Ce n'est qu'au XVIIIe siècle que l'on commença à remettre en question ces contraintes imposées d'en haut. Ce furent tout d'abord les philosophes du droit naturel qui élaborèrent une conception du mariage reposant sur l'individu. Ces premiers représentants du mouvement des Lumières plaidaient en faveur d'un ordre établi par l'homme, et non plus dicté par Dieu et l'Église. Ces philosophes n'étaient pas pour autant des athées. Ils voyaient en Dieu le créateur d'un monde régi par des principes raisonnables et d'un homme pourvu de raison. L'homme pouvait donc selon eux faire appel à son entendement pour explorer et façonner le monde, et Dieu pouvait se retirer des choses terrestres, après avoir achevé son oeuvre de création.

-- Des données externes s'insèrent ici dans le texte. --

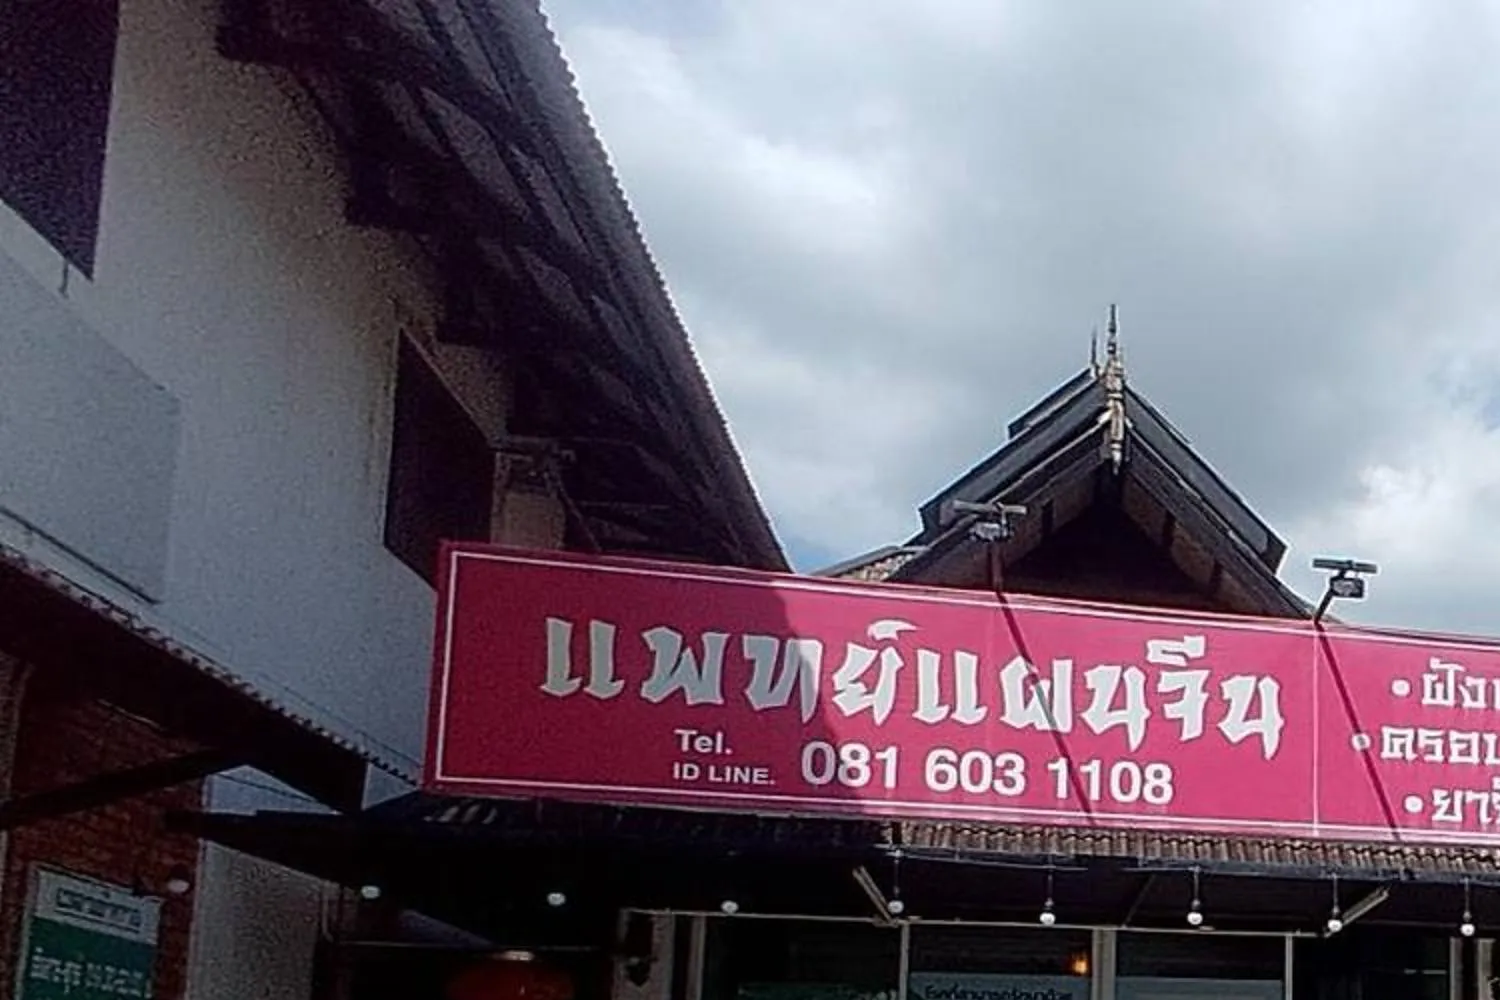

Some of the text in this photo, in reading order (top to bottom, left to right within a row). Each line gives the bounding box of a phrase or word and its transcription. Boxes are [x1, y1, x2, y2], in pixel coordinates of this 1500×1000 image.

[541, 616, 1284, 759] แพทย์แผนจีน
[674, 730, 732, 755] Tel.
[673, 762, 777, 785] ID LINE.
[802, 742, 1173, 805] 081 603 1108
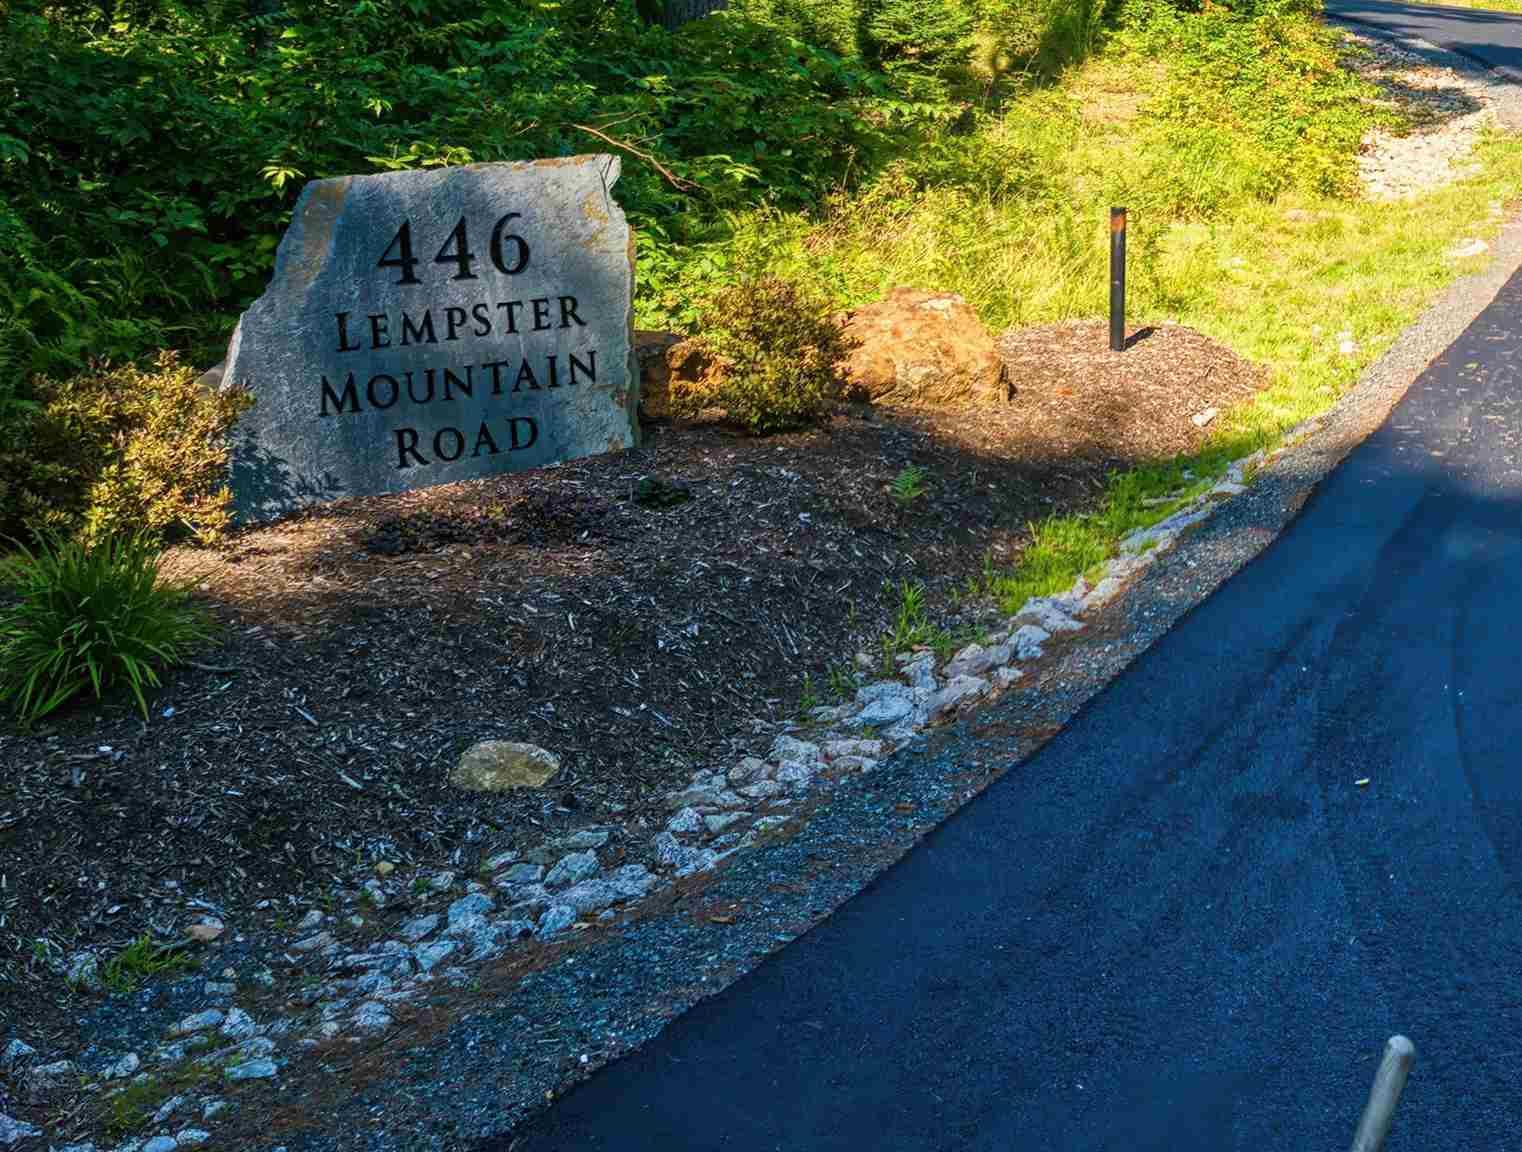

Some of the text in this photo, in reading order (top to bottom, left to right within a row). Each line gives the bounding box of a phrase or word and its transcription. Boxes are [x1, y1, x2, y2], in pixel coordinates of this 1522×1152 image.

[377, 212, 531, 285] 446
[335, 295, 587, 353] LEMPSTER
[320, 350, 599, 417] MOUNTAIN
[394, 416, 539, 470] ROAD

Pour le mouvement des Lumières, un important instrument servant à organiser la sphère humaine était la législation en matière de contrats, appliquée depuis longtemps déjà dans le droit privé, et désormais de plus en plus également dans le domaine socio-politique. Le plus fameux exemple est le "Contrat Social" conçu par Jean-Jacques Rousseau (cf. chap. 3.3 [1] ), qui reprend et développe d'anciens modèles de contrats.

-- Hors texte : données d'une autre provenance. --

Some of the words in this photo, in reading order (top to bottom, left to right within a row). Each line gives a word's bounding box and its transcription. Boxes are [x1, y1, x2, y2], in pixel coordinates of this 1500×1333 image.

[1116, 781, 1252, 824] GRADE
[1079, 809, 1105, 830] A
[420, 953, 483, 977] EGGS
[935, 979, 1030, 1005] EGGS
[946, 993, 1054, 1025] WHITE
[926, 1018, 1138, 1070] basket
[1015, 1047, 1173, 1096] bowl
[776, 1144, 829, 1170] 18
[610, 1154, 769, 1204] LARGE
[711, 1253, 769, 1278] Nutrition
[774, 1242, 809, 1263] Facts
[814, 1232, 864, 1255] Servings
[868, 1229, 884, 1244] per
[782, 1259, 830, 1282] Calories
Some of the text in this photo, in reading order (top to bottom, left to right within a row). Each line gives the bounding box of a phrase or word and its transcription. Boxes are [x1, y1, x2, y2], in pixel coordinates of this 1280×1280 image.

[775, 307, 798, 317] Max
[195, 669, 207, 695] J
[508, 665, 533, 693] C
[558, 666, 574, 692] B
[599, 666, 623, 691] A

L'idée européenne de droit naturel n'est pas restée sans effets sur la conception du mariage et des relations entre les sexes. Les philosophes des Lumières commencèrent à voir également dans le mariage un contrat dont les modalités devaient être librement négociables, du moins en théorie. Dans la pratique, les philosophes du droit naturel se prononcèrent cependant en faveur d'une harmonisation des mariages conclus sur la base d'un contrat avec la doctrine prônée par l'Église dans ce domaine. Christian Thomasius [3] proposa par exemple d'assurer l'autorité de l'homme marié par la conclusion d'un contrat de capitulation, donc de soumission de la femme à son mari. Par contre, les premiers philosophes du droit naturel n'étaient pas aussi stricts que l'Église sur la question de l'indissolubilité des liens du mariage.

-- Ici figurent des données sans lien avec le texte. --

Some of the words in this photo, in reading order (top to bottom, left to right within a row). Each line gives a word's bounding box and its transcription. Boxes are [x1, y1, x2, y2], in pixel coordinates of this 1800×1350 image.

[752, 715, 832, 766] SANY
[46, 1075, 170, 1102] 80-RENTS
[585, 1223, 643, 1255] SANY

L'idée du contrat de mariage atteignit un premier point culminant vers 1800. Le philosophe Karl Ludwig Pörschke (1752-1812) énonça ainsi en 1795 que le mariage est un contrat entre personnes des deux sexes en vue d'une étroite vie commune, que la finalité du mariage doit être laissée au libre arbitre de toute personne, qui doit pouvoir s’engager aux conditions qu’elle désire, s’unir par les liens du mariage pour aussi longtemps qu’elle le veut, mais aussi rompre ces liens avant l’heure avec le consentement de l’autre partie, une partie n’ayant de pouvoir sur l’autre que par accord et consentement ("Vorbereitung zu einem populären Naturrechte", Königsberg 1795). Les philosophes des Lumières voulaient ainsi émanciper les hommes et les femmes, jusque dans le domaine du mariage. Parallèlement à ces débats, ces idées ont été mises en oeuvre au niveau de la législation dans le Code prussien (Preußisches Allgemeines Landrecht) (cf. chap. 4.1 [4] ) et le Code Civil français (cf. chap. 4.2 [5] ).